[Collected data]

..............................

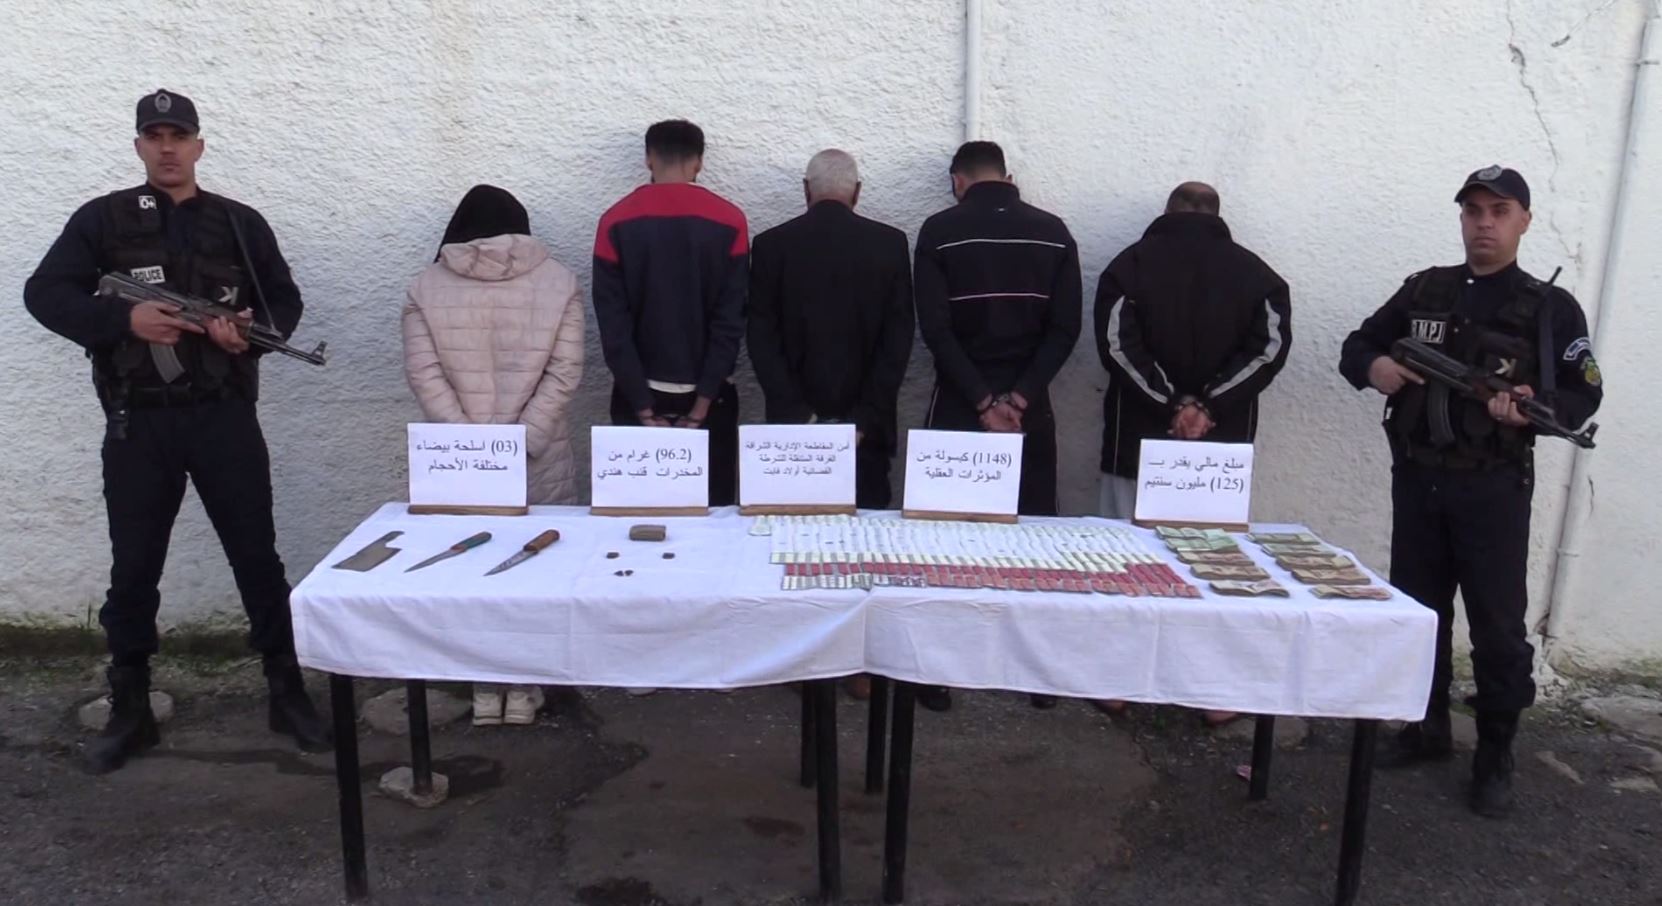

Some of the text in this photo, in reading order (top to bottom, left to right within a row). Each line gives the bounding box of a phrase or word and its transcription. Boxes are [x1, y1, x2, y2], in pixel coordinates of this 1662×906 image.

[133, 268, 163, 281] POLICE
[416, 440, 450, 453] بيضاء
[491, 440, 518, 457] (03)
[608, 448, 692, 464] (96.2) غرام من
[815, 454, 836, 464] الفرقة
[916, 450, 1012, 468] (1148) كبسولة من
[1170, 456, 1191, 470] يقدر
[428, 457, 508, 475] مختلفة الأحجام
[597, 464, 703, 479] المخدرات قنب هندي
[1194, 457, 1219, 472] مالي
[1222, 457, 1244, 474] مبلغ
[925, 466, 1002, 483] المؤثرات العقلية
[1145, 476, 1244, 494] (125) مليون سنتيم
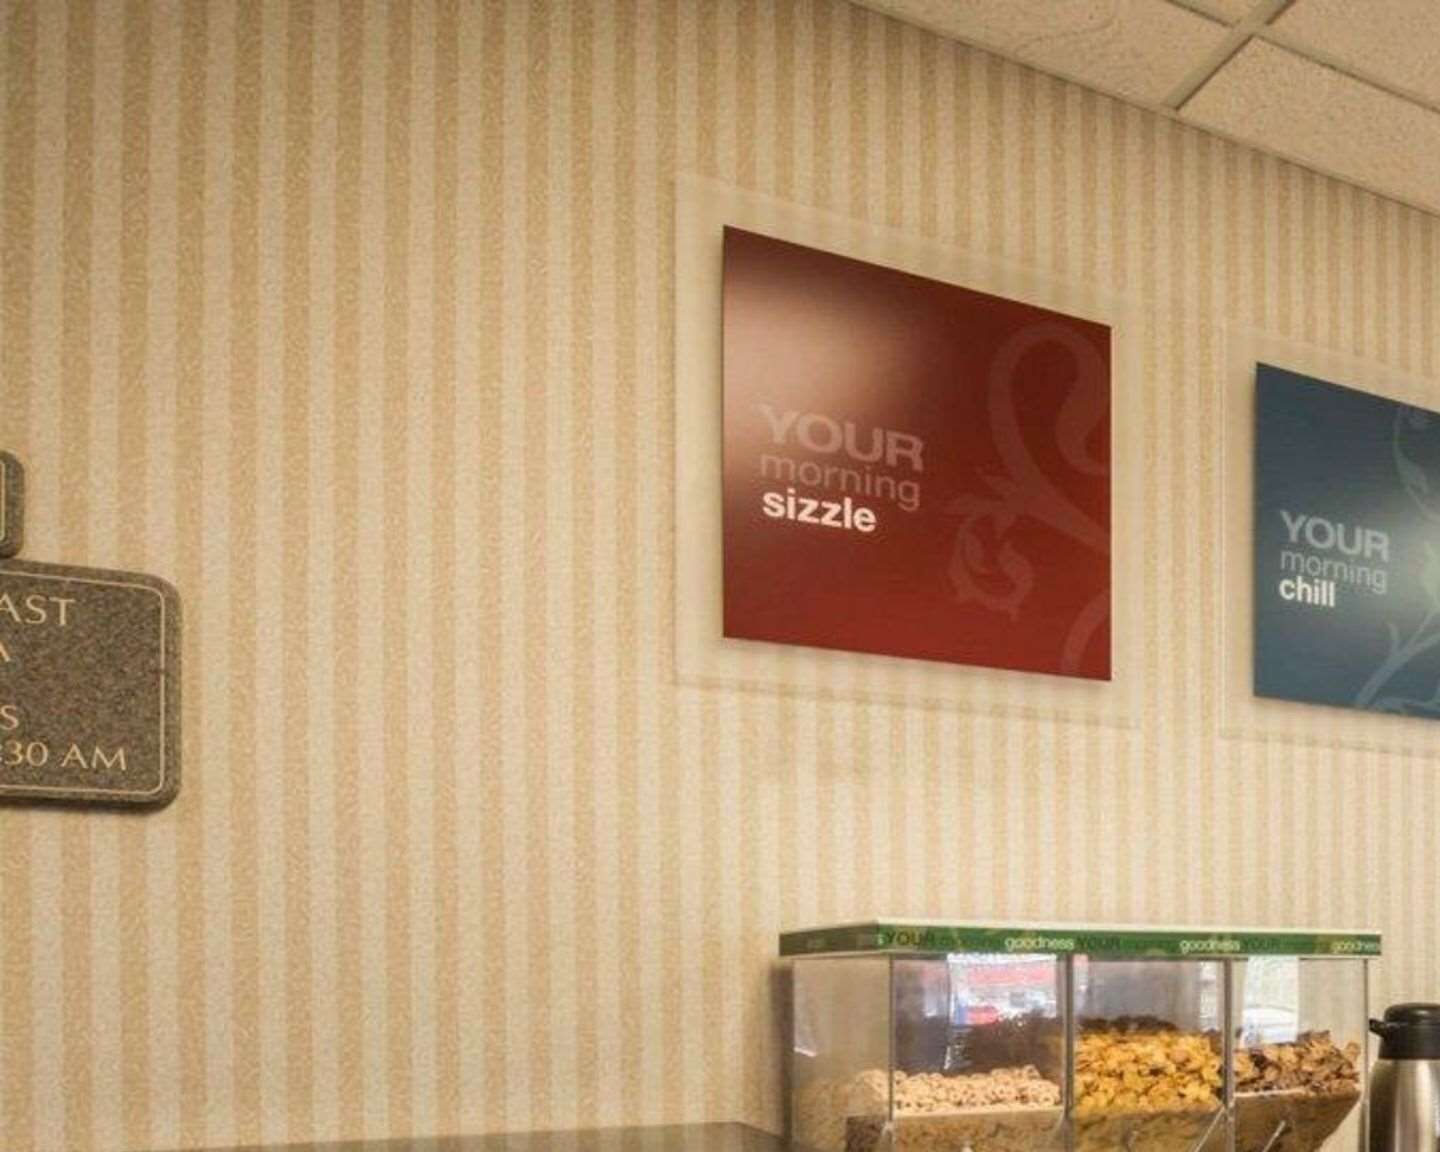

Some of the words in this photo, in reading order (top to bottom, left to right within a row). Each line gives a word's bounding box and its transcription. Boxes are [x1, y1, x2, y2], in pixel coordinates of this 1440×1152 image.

..............................

• _TASK DIRECTIONS_:
Please transcribe the entries exactly, omitting the images.

• _OUTPUT_:
Some of the text in this photo, in reading order (top to bottom, left to right within a row). Each line gives the bounding box of a phrase or word and its transcription. Boxes are [x1, y1, x2, y2], in pixel coordinates of this 1662×906 image.

[133, 268, 163, 281] POLICE
[416, 440, 450, 453] بيضاء
[491, 440, 518, 457] (03)
[608, 448, 692, 464] (96.2) غرام من
[815, 454, 836, 464] الفرقة
[916, 450, 1012, 468] (1148) كبسولة من
[1170, 456, 1191, 470] يقدر
[428, 457, 508, 475] مختلفة الأحجام
[597, 464, 703, 479] المخدرات قنب هندي
[1194, 457, 1219, 472] مالي
[1222, 457, 1244, 474] مبلغ
[925, 466, 1002, 483] المؤثرات العقلية
[1145, 476, 1244, 494] (125) مليون سنتيم

Some of the words in this photo, in reading order (top to bottom, left to right within a row). Each line gives a word's bounding box and its transcription. Boxes are [x1, y1, x2, y2], in pixel coordinates of this 1440×1152 image.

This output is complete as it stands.